Not until I started researching the Nothe Fort had I realised just how much involvement our town had during WWI.
The Nothe Fort itself was manned by the men of the Coastal Artillery, but they saw no action during the war from its ramparts. Instead it seems to have ended up as a training ground for enlisted men and volunteers, many of whom were later sent to the Front.
That left behind men deemed too old, too young or unsuitable for service abroad, they remained to defend our shores, though thankfully the battles lines never reached them.
But Weymouth also played another role.
She took in many of the wounded from the fierce fighting in France.
A piece in the Western Gazette of Christmas Day 1914 gives a glimpse into the world of our not so long ago ancestors of Weymouth, many of whom helped in some way or another.
The article headlines proclaims
MORE WOUNDED ARRIVE AT WEYMOUTH.
The week before Christmas, a hospital train had arrived in Weymouth filled with over 70 wounded men.

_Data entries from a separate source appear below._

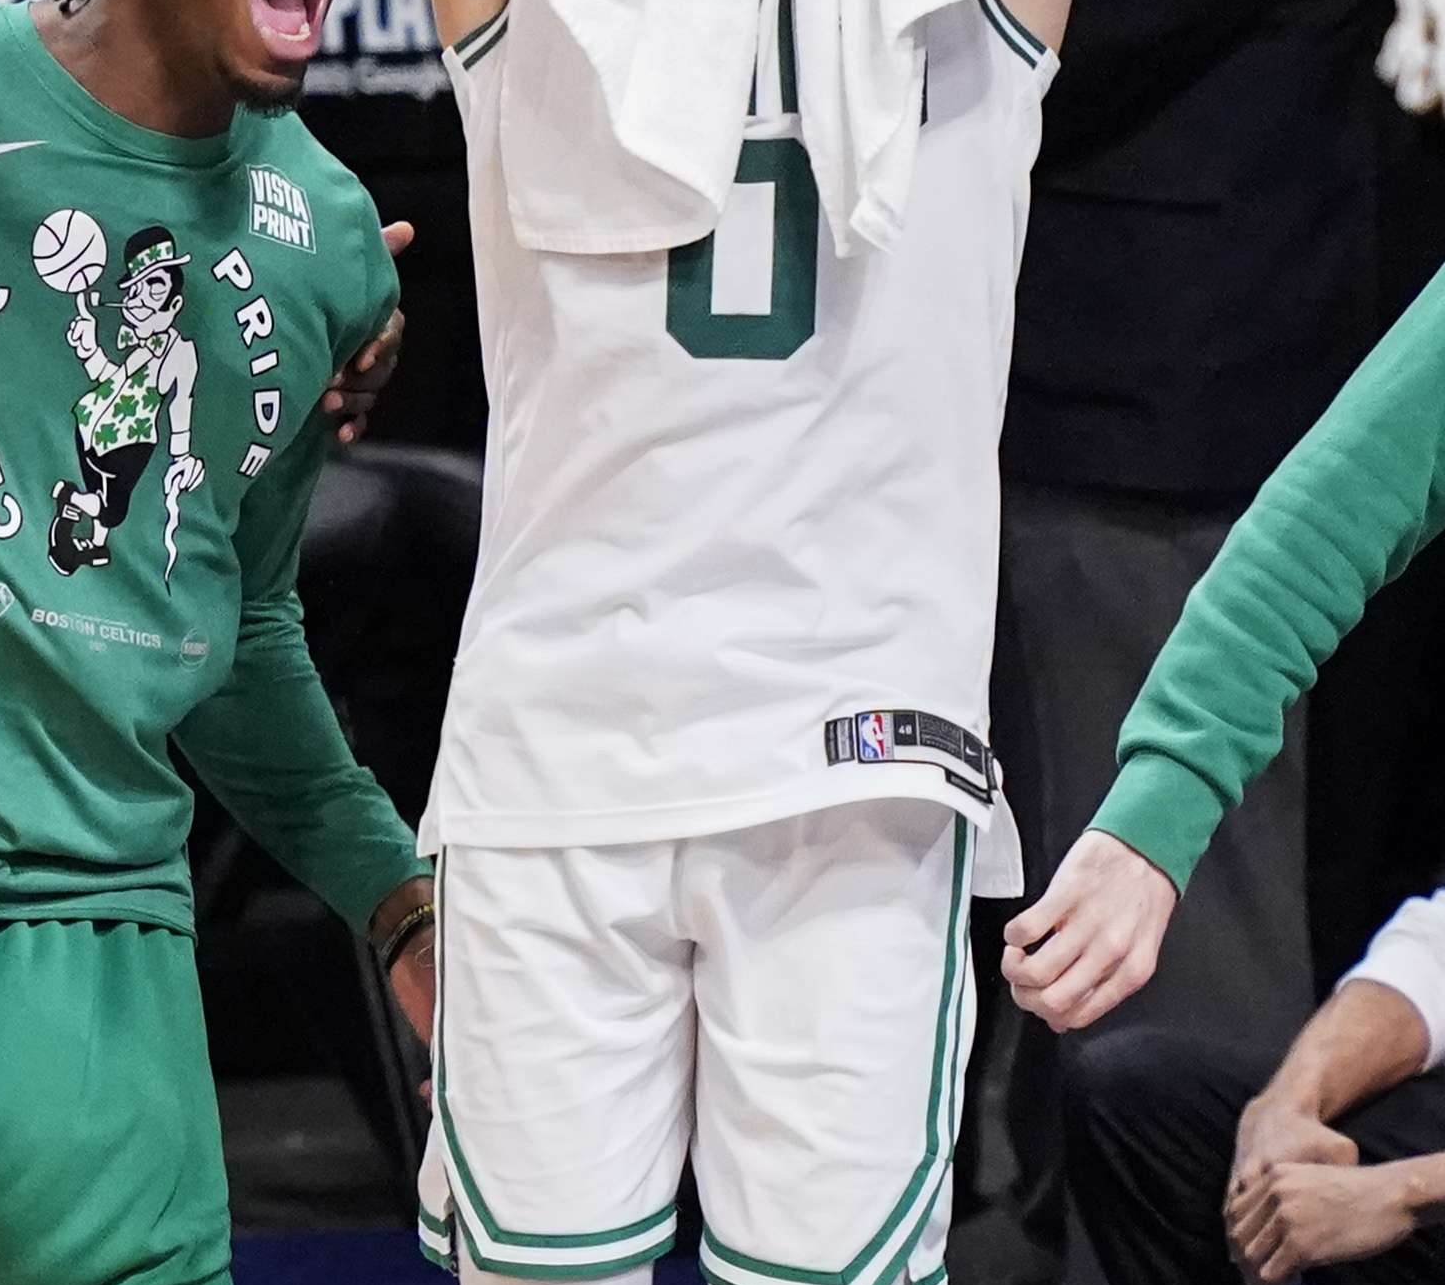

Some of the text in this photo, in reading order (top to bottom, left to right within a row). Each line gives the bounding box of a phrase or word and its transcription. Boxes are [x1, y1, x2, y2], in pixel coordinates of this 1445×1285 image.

[251, 169, 309, 222] VISTA
[253, 203, 311, 248] PRINT
[210, 246, 282, 480] PRIDE
[31, 608, 95, 636] BOSTON
[99, 624, 162, 649] CELTICS

They were taken straight to the Princess Christian Hospital where they were cared for.
These battle weary soldiers had been ‘conveyed straight from the Front with as much expedition as possible’.
The reporter elaborates on their pitiful condition, ‘they bore conspicuous signs of not only hard fighting, but also the severity of the weather experienced in the northern part of France’. Indeed, several of the wounded were suffering from severe frost bite.

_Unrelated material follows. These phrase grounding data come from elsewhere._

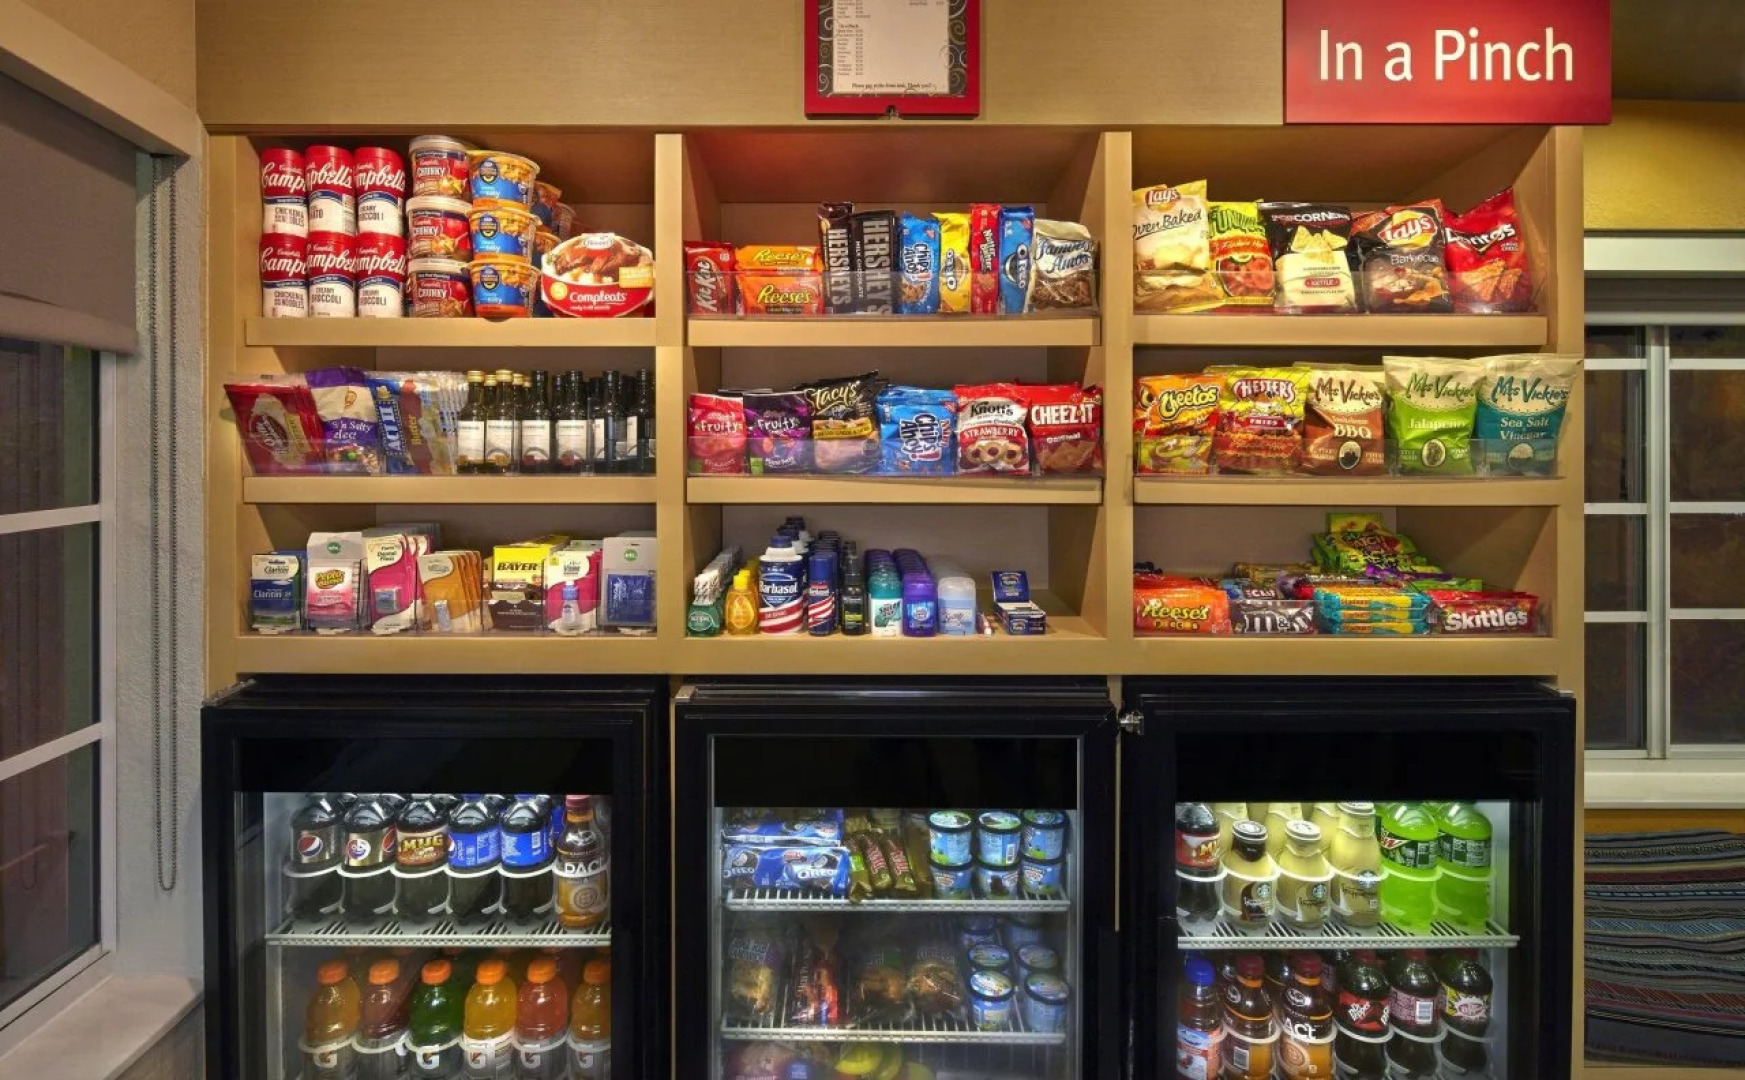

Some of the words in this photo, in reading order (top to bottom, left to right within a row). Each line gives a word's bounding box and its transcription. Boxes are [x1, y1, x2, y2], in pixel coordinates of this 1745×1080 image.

[1320, 29, 1363, 80] In
[1384, 41, 1413, 82] a
[1435, 26, 1573, 81] Pinch
[262, 162, 305, 193] Camp
[417, 167, 446, 177] CHUNKY
[1163, 211, 1203, 229] Baked
[412, 226, 440, 236] CHUNKY
[1444, 223, 1517, 246] Doritos
[982, 228, 996, 262] Nutter
[1035, 233, 1091, 259] Famous
[262, 247, 306, 277] Camp
[754, 249, 809, 263] Reese's
[914, 243, 929, 278] Chips
[1052, 251, 1093, 273] Amos
[1391, 254, 1440, 265] Barbecue
[945, 249, 958, 291] OREO
[1016, 243, 1029, 290] OREO
[418, 288, 448, 299] CHUNKY
[570, 289, 628, 305] Compleats
[757, 284, 812, 304] Reese's
[804, 380, 860, 408] Stacy's
[1339, 379, 1381, 406] Vickie's
[1521, 377, 1571, 405] Vickie's
[970, 401, 1014, 417] Knott's
[1158, 385, 1219, 420] Cheetos
[408, 414, 422, 445] Butter
[700, 420, 739, 433] Fruity
[757, 418, 796, 431] Fruity
[1333, 423, 1373, 439] BBQ
[1408, 418, 1466, 431] Jalapeño
[1500, 417, 1523, 428] Sea
[1526, 416, 1550, 428] Salt
[913, 413, 937, 452] Chips
[963, 426, 1019, 439] STRAWBERRY
[1500, 430, 1546, 441] Vinegar
[497, 562, 538, 571] BAYER
[759, 581, 798, 595] Barbasol
[1141, 602, 1211, 620] Reese's
[1444, 608, 1528, 631] Skittles
[402, 835, 443, 850] MUG
[564, 859, 601, 875] PAC
[797, 869, 836, 879] OREO
[415, 1043, 440, 1070] G

Dr James Macpherson Lawrie met the hospital train that Friday morning, he was the senior surgeon at the hospital. (Scottish born Lawrie was also the man who had set up Weymouth’s Princess Christian hospital at the start of the 20th century by means of fundraising in the local grand houses and communities.)

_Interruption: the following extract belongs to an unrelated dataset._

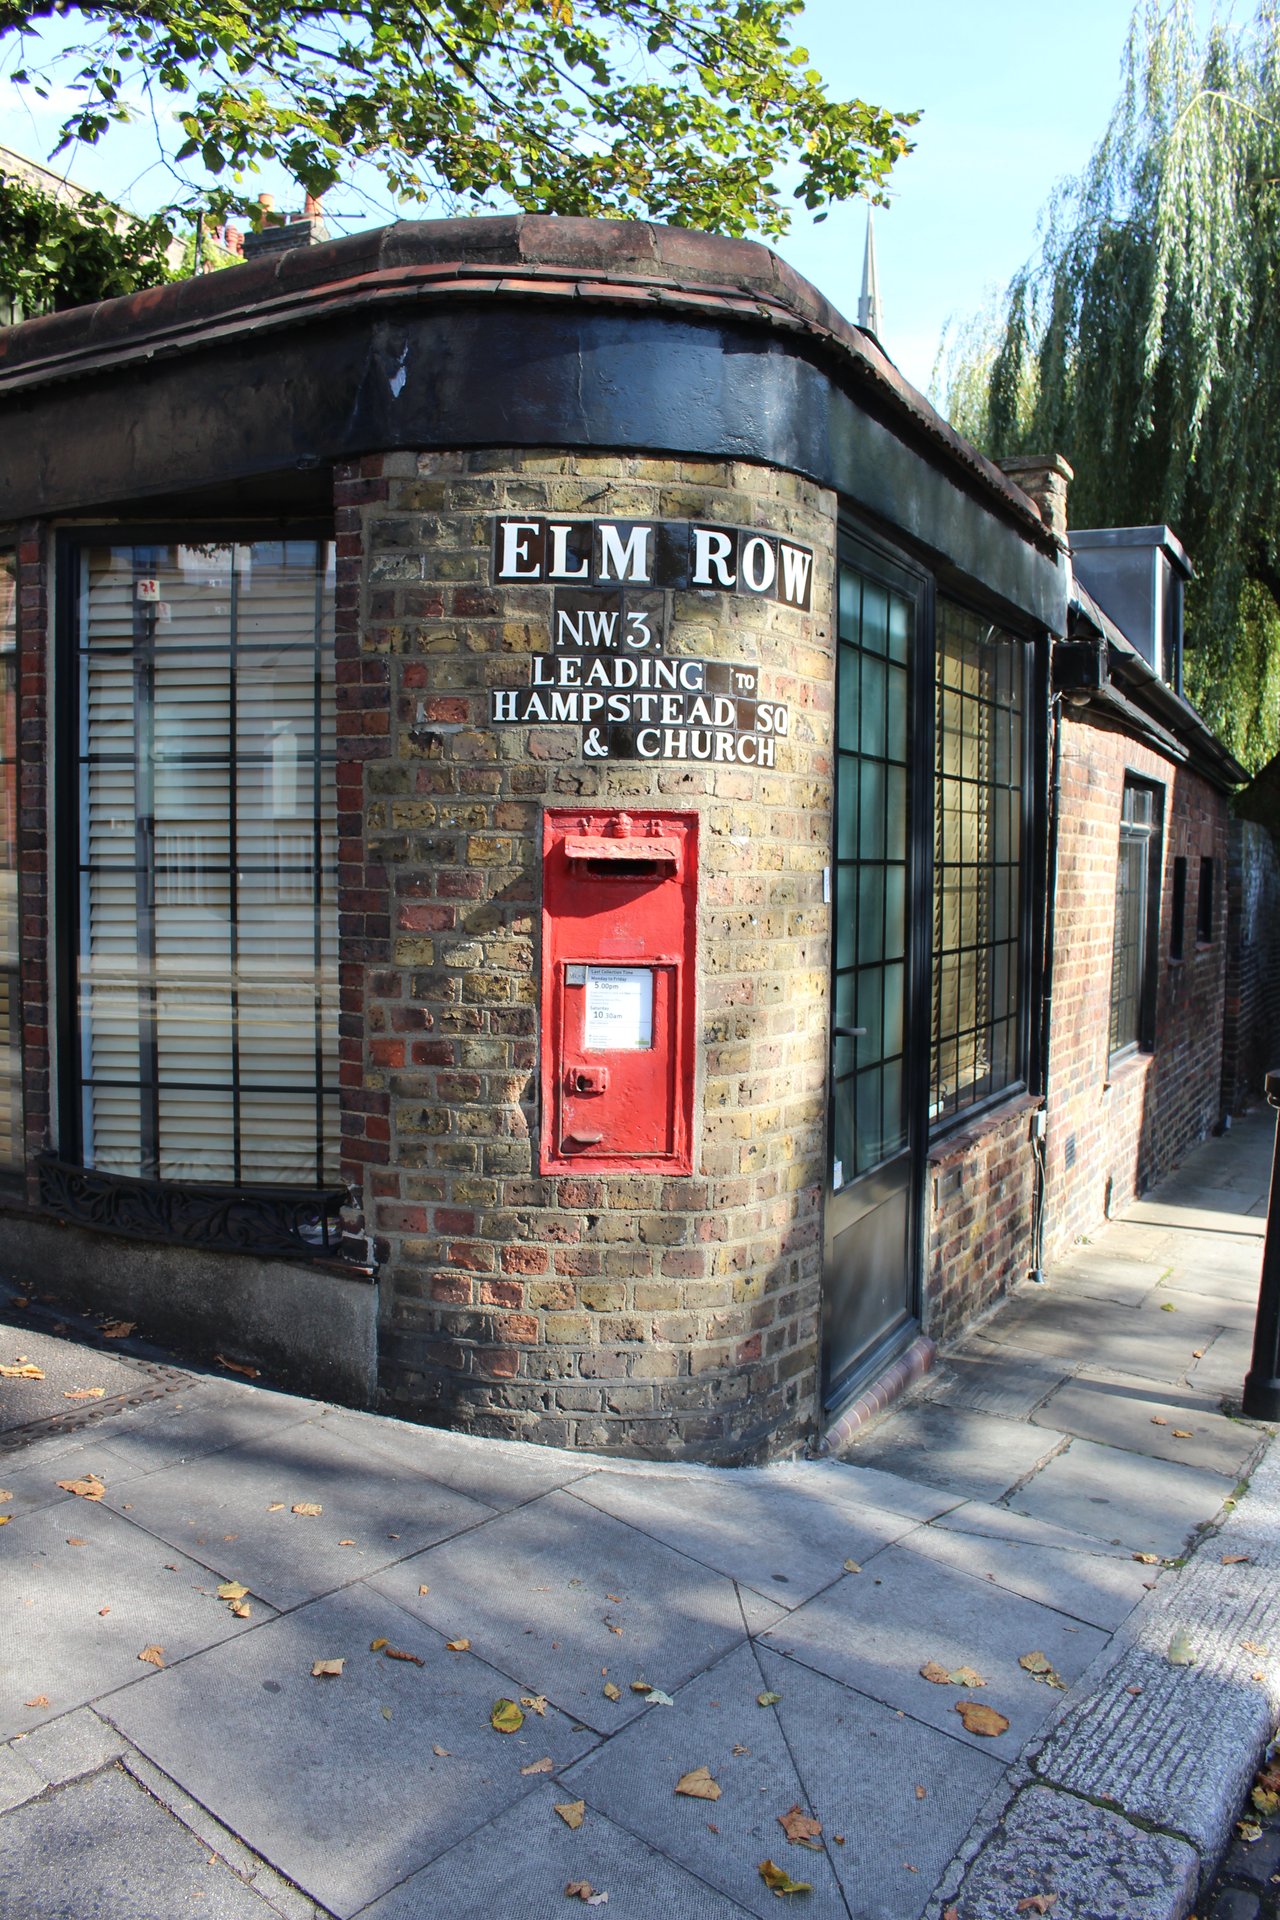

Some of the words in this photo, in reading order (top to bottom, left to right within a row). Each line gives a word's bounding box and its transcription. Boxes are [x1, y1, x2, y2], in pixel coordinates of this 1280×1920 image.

Also there to transport the wounded were members of the British Red Cross, led by Commandant F J Bath.
The majority of the wounded were relatively mobile and were helped into a fleet of waiting cabs and motor cars. The more serious cases were stretchered into ambulances.
Once all and sundry had been transferred to the Princess Christian Hospital, ‘the patients were made as comfortable as their circumstances would permit’.
During that terrible period of conflict, many a wounded soldier found himself cared for within the walls of Weymouth hospitals,
‘They represented many regiments and several have records of having distinguished themselves in the field’.